Minka is a pre-Columbian tradition of volunteer work, in which the members of a community work for the advantage of the whole group. In some áreas the Minka is still relevant today.
Based on this concept, keeping in mind the idea the creation of a cooperative working method, the composers Luciano Azzigotti, Fernando Manassero and Rafael Subía Valdez designed a composing system under the name of Minka.

The first Minka was done in cooperation with the assembles Modelo62 (resident at Condit in April 2013) and the Contemporary Music Ensemble of the Department of Performing Arts IUNA,
The cooperative composition system consisted of a working day to create and assemble a piece from scratch, under five pre-set slogans organized in five phases.

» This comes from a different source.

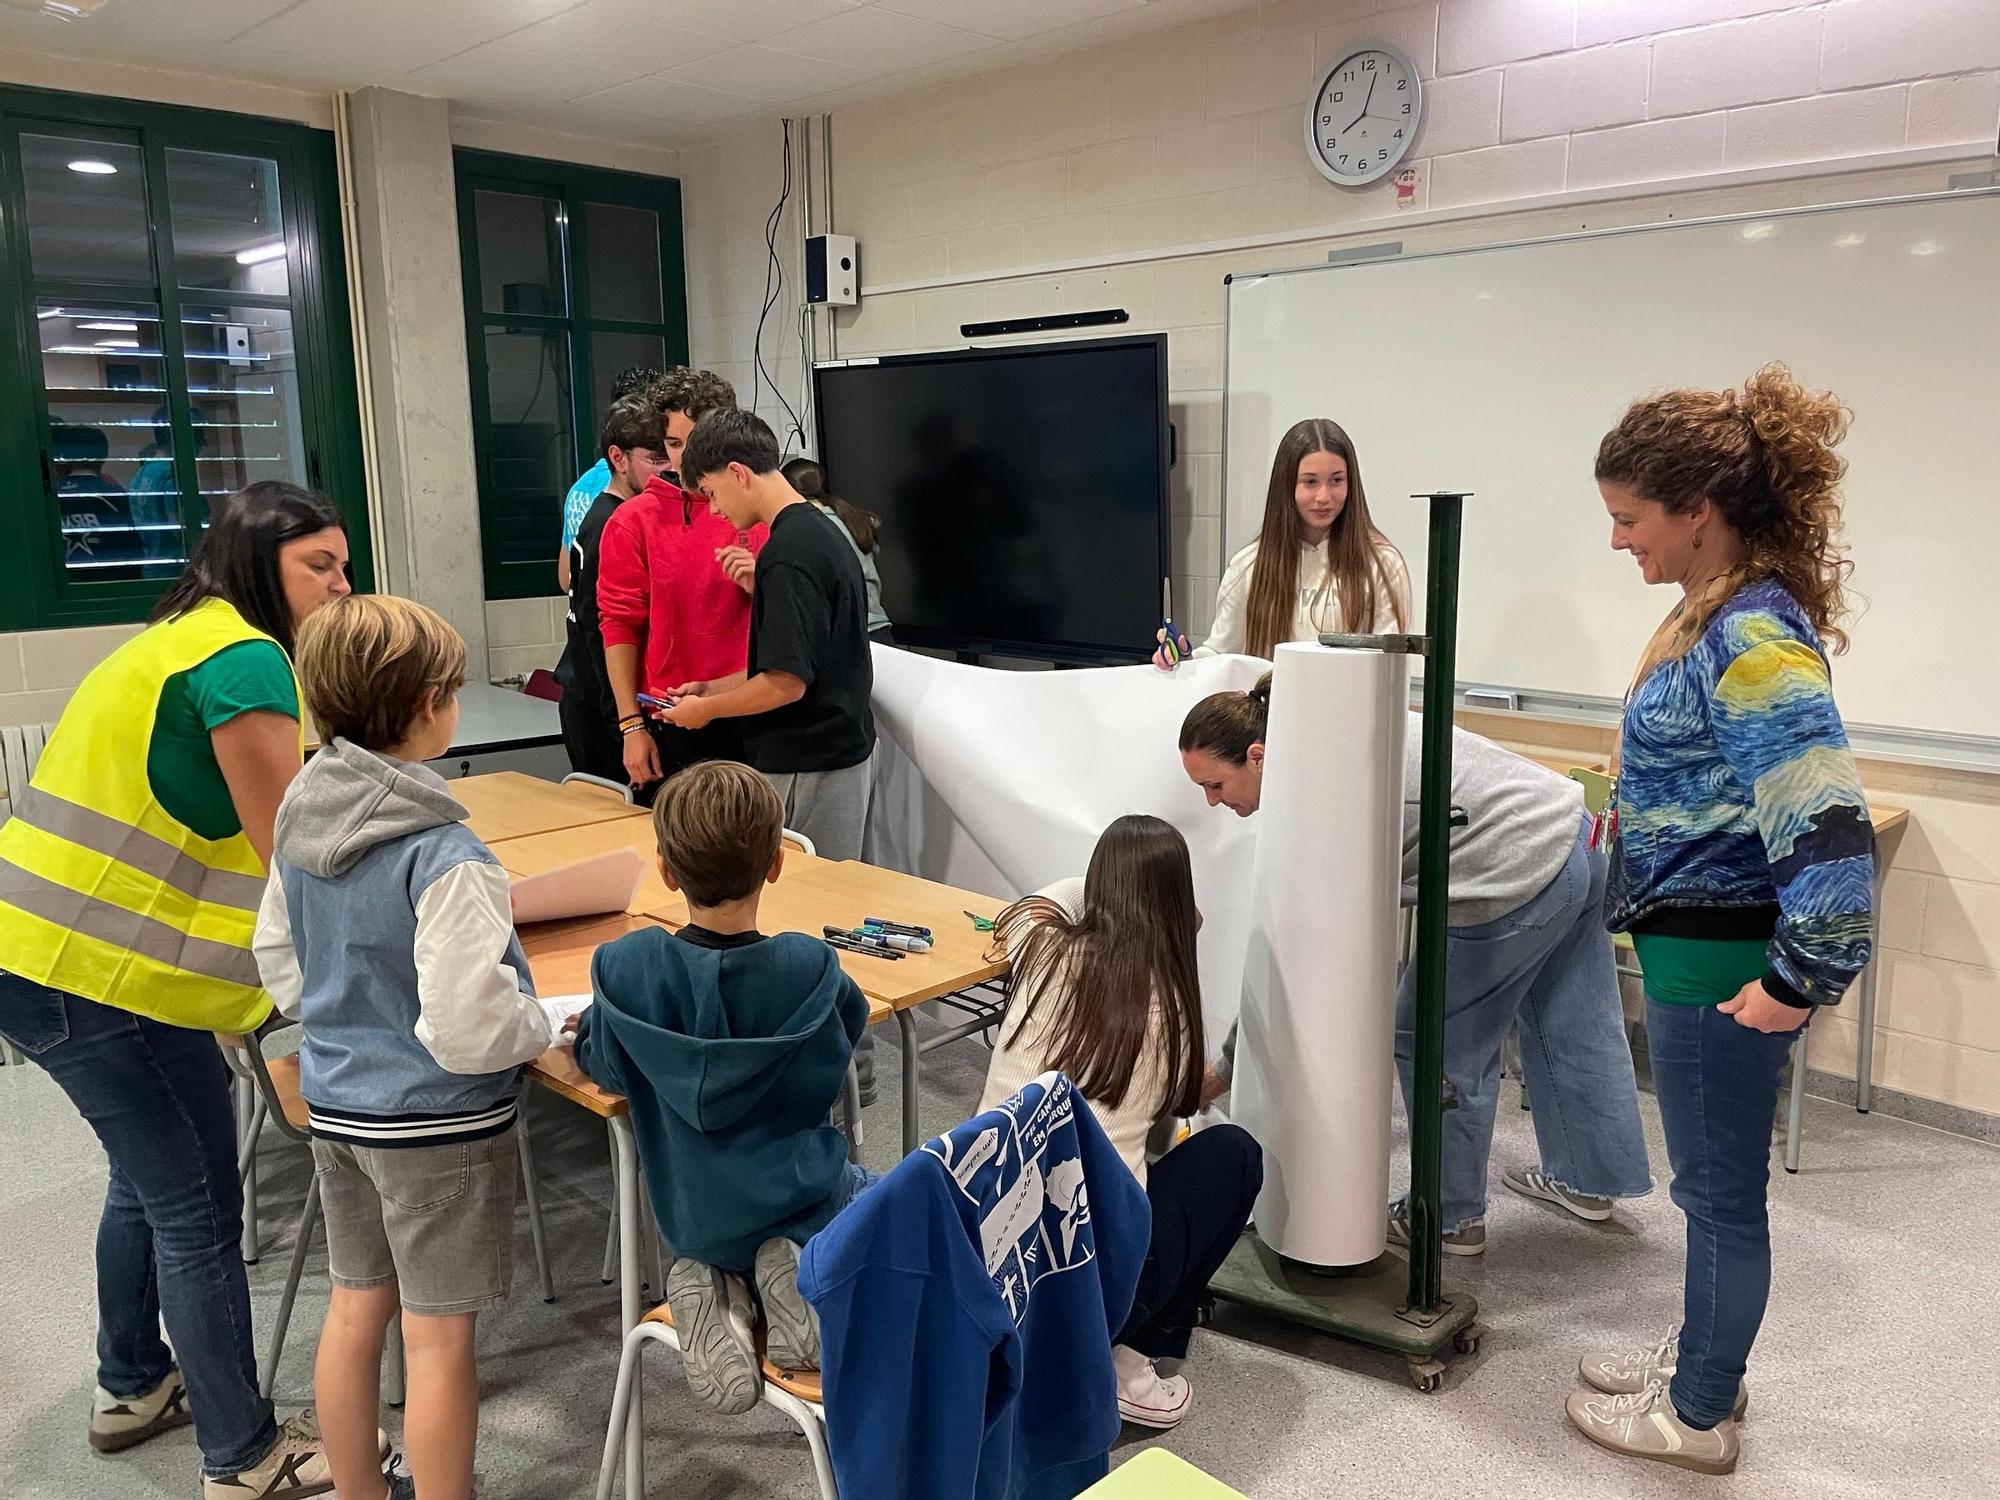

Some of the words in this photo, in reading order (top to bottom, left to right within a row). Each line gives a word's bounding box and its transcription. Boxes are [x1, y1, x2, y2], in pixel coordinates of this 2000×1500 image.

The second Minka took place in October 2013 with suono mobile Argentina, a contemporary music ensemble from Cordoba (resident at conDiT) in cooperation with Contemporary Music Ensemble of the Department of Performing Arts IUNA.

=== Container ===
In Argentina there is a tradition related to classical concert music, in which the programmers and regisseurs of Argentine concert halls receive (with the support of embassies) top level foreign artists who spread the music of their countries in Argentina.
This project has the clear objective to generate a mutual opportunity, so Argentine composers and musicians can spread their work abroad within an integrated broadcasting, recording, and international artists’ exchange program; framed by the principle of equal opportunities. The purpose is: update the old "center-periphery" relationship, energizing and encouraging the symmetry of cultural exchange between Argentina and the world.
The first chapter of Container is possible thanks to the collaboration between the Embassy of Argentina and conDiT.cheLA, whose team will be in charge of the organization, choice of repertoire and residents, commission works, and the activities advertising.
This project will be carried out by groups and halls in Vienna and Graz, associated with conDiT, and will be the second step after the partnerships we have begun in 2014 with the reception of Austrian artists in our platform.
During 2015 conDiT will form an ensemble in Vienna with young professional musicians. The ensemble will premiere works by Argentine young composers, programmed for the second Container concert (the first antecedent is Transatlantic Interscores, July 2014) on December 10.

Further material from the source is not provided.